For several days, thousands of people at the New Orleans convention
center had no food, water or medical help. National Guard forces were
preoccupied with rooftop rescues and lacked the manpower to feed or
assist hungry refugees.

"Every single resource we had from Tuesday (Aug. 30) through Thursday
(Sept. 1) was committed to picking people off of rooftops and saving
people," recalled Louisiana National Guard Lt. Col. Jacques
Thibodeaux, a deputy U.S. marshal in civilian life.

It wasn't until Friday, Sept. 2, that Thibodeaux was told to lead a
rescue mission to the convention center. He cobbled together a force
of 1,000 from diverse units representing five states.

"We took 30 minutes to secure the area. In three hours we began
feeding people. In 30 hours, we had evacuated 19,000," Thibodeaux
said.

The first active duty soldiers did not reach New Orleans until he
evening of Sept. 3.

The U.S. Northern Command, in Colorado Springs, Colo., had been
tracking Katrina before the storm made landfall and could have tapped
active duty assets. But the lone request the command received from
federal officials during Katrina's first day was for six helicopters,
spokesman Michael Kucharek said.

The White House is pressing Congress to establish the exact
circumstances and legal authority that would determine when the active
military should take over a disaster.

HELP FOR STATE AND LOCAL POLICE

The 18-member, Dallas-based Bureau of Alcohol, Tobacco and Firearms
special response team had the very skills needed to cope with looters
and snipers, but its members did not arrive in New Orleans until
Sept. 2.

"By the time we got here, it wasn't as bad as the first nights after
the storm," team leader Charles Smith said.

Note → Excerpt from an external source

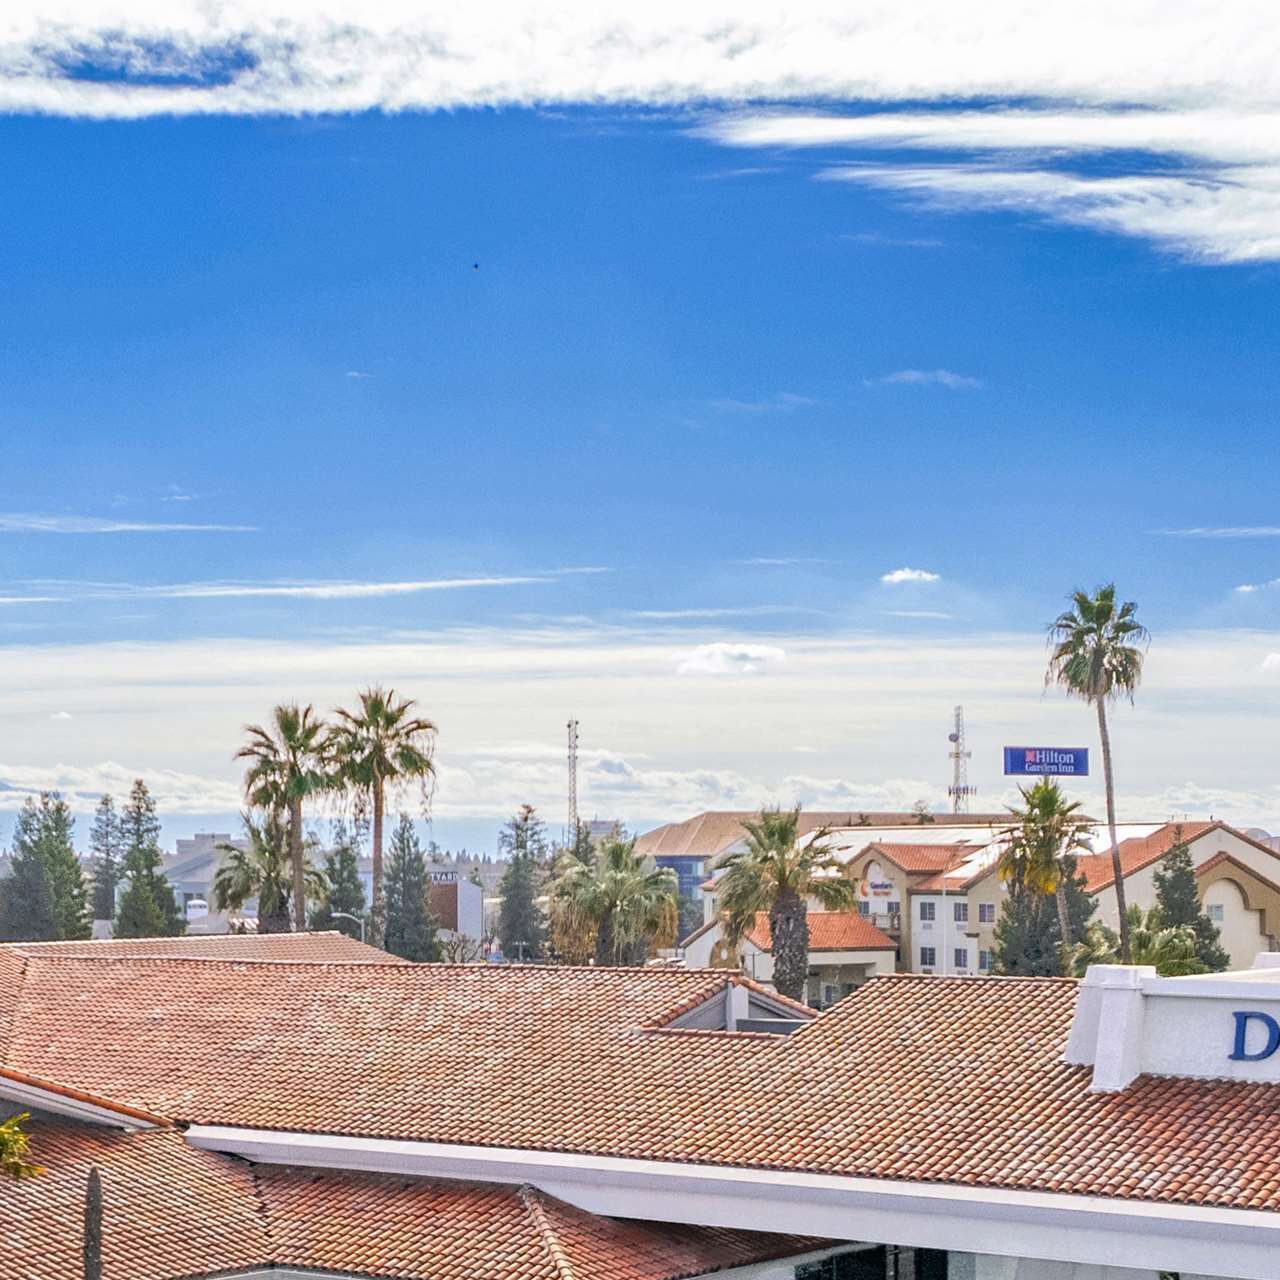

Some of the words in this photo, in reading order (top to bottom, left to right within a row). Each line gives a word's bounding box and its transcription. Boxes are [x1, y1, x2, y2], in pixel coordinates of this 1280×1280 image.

The team was trained in serving arrest warrants and executing search
warrants, hostage situations, rescues, and riot and crowd control. And
Smith brought an additional asset -- he was raised and once stationed
in New Orleans.

The team showed its capabilities two nights after arriving when
gunshots were reported in a neighborhood. Smith dispatched agents with
night-vision goggles and, as a helicopter appeared overhead, the team
observed a shooter in a four-unit housing project. Smith personally
talked two men out of the building and arrested one without firing a
shot.

In the future, the administration wants such teams ready to move as
soon as local law enforcement needs assistance.

COMMUNICATING WITH THE PUBLIC

Before Katrina struck, FEMA had dispatched a sizable public affairs
contingent to Louisiana. Their mission, according to the National
Response Plan, was "to coordinate a message," said Jeff Karonis, a
Homeland Security public affairs specialist.

"Several were experienced communicators in hurricanes of the
past. They know what the issues are," he said.

But the messages to the public often were confusing, leaving vital
questions unanswered. When would buses rescue people from the
Superdome? When would rescuers arrive at the convention center? Was
crime rampant?

Russ Knocke, the chief spokesman for the Homeland Security Department,
said the specialists were hampered by "a significant amount of
inaccurate reporting" that "added confusion and added fuel to the
fire."

Louisiana officials said the federal experts didn't coordinate with
them. "I don't think there was ever a meeting about message. It wasn't
a partnership," said Denise Bottcher, Louisiana Gov. Kathleen Blanco's
spokeswoman.

In the future, Knocke said, Homeland Security is "deeply committed to
working and communicating with state and local officials. Now that we
have internet and 'thousands' of radio and television stations, there
is no reason everyone involved cannot get the same message."